**** Exercise inputs ****

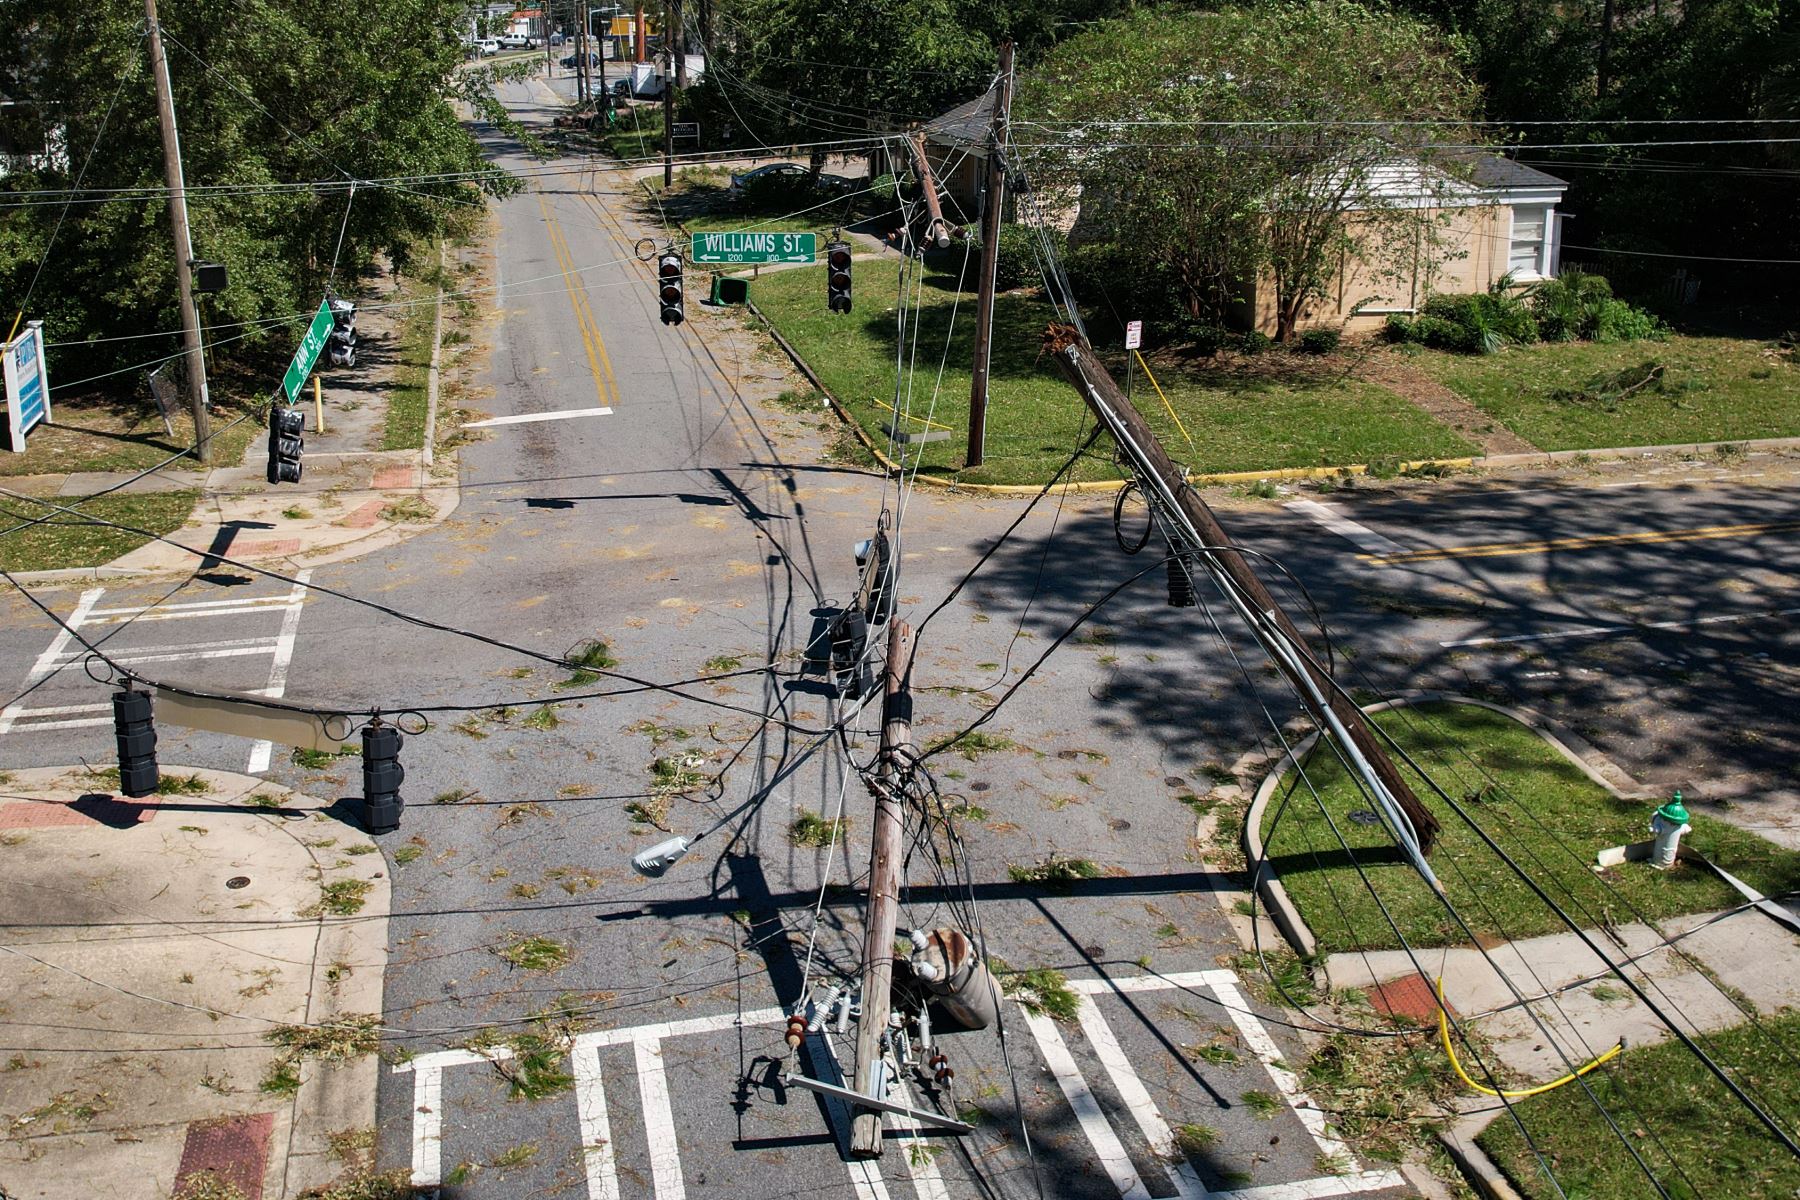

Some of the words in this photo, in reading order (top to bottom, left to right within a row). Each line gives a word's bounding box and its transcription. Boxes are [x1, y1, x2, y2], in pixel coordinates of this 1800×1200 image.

[705, 234, 775, 252] WILLIAMS
[783, 234, 804, 252] ST.
[728, 254, 743, 262] 1200
[766, 254, 779, 262] 1100
[295, 342, 309, 374] ANN
[307, 327, 319, 350] ST.
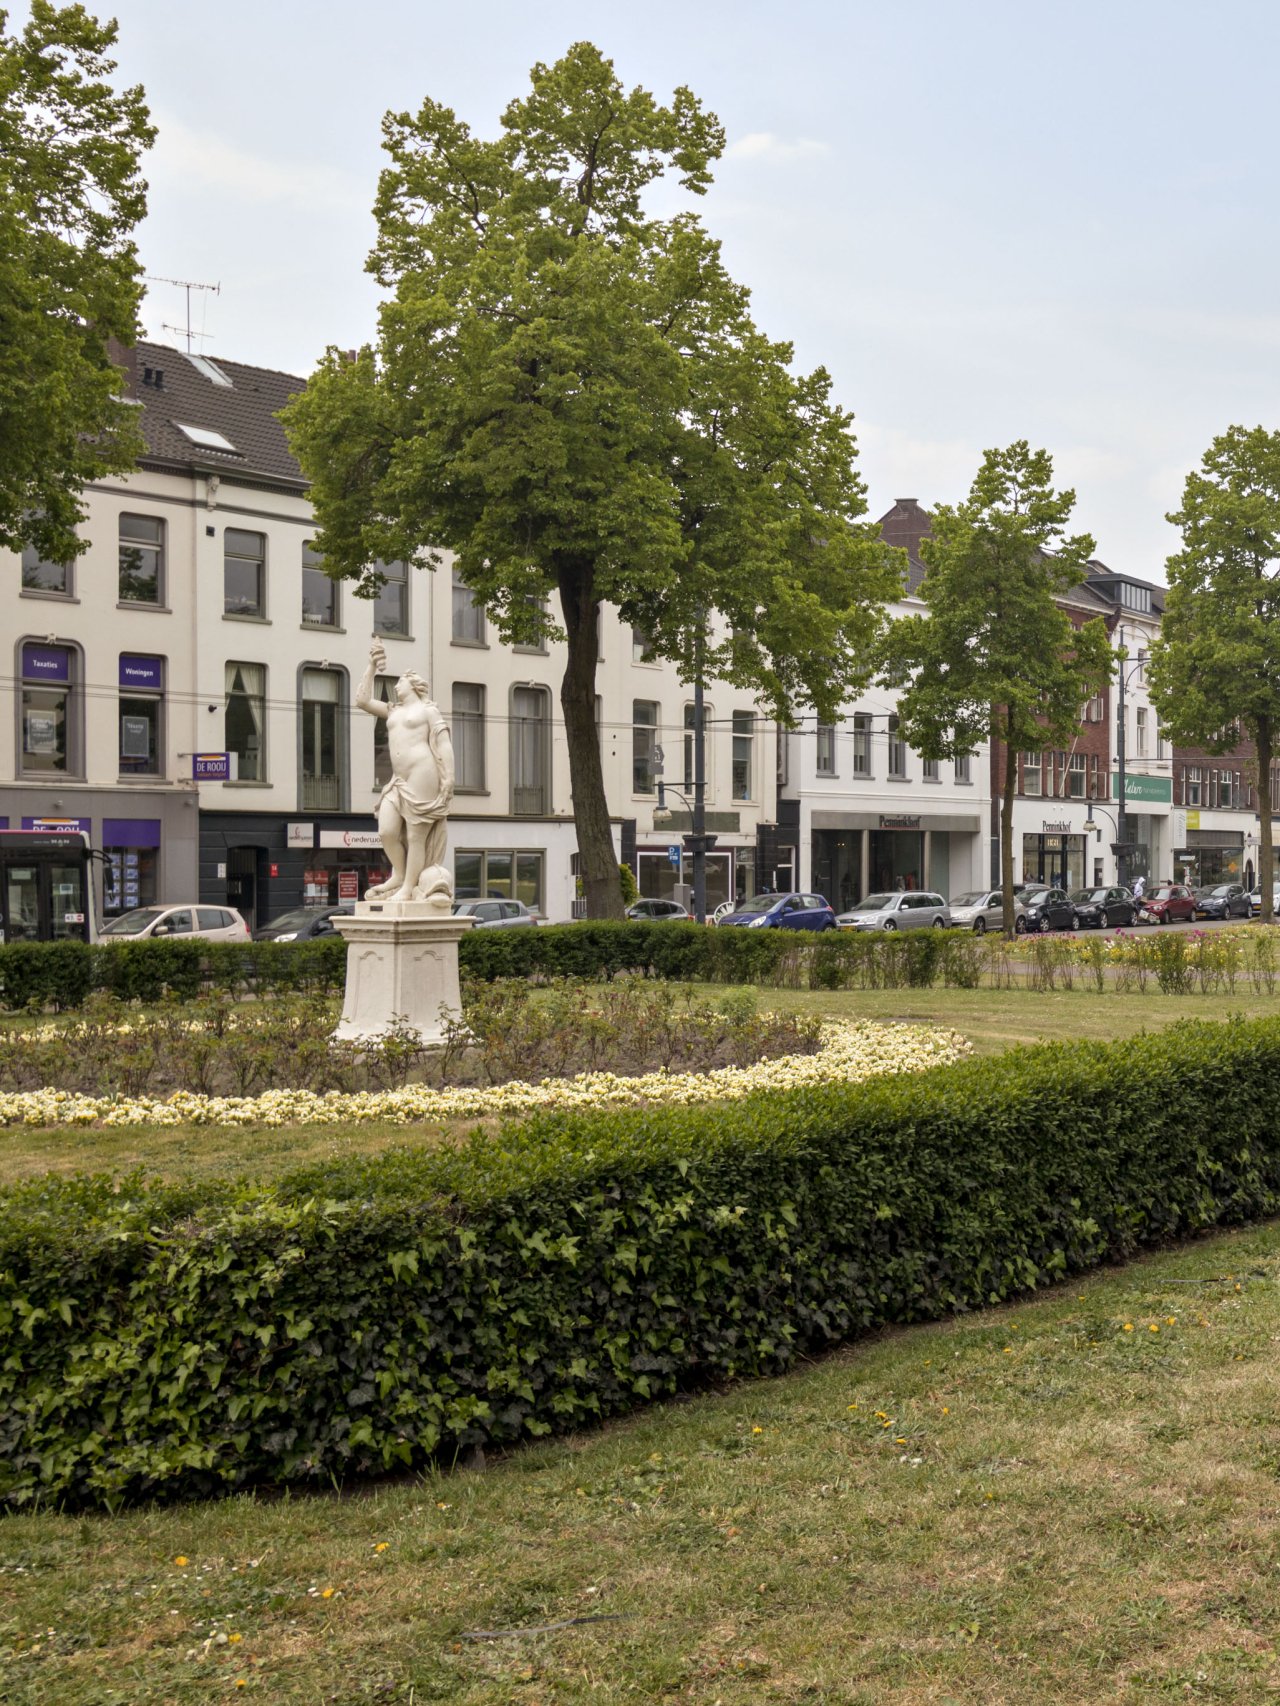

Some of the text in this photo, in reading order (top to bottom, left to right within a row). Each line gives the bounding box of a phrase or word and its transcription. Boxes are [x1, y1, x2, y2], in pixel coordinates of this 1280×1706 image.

[33, 659, 58, 669] Taxaties
[125, 668, 154, 677] Woningen
[197, 762, 206, 772] DE

****

- [Your instructions]: Everything in the material goes into the copy exactly, except the images.

- [Solution to the exercise]:
Some of the words in this photo, in reading order (top to bottom, left to right within a row). Each line gives a word's bounding box and its transcription. Boxes are [x1, y1, x2, y2], in pixel coordinates of this 1800×1200 image.

[705, 234, 775, 252] WILLIAMS
[783, 234, 804, 252] ST.
[728, 254, 743, 262] 1200
[766, 254, 779, 262] 1100
[295, 342, 309, 374] ANN
[307, 327, 319, 350] ST.

Some of the text in this photo, in reading order (top to bottom, left to right within a row). Each line gives the bounding box of a phrase or word and its transcription. Boxes are [x1, y1, x2, y2], in pixel coordinates of this 1280×1706 image.

[33, 659, 58, 669] Taxaties
[125, 668, 154, 677] Woningen
[197, 762, 206, 772] DE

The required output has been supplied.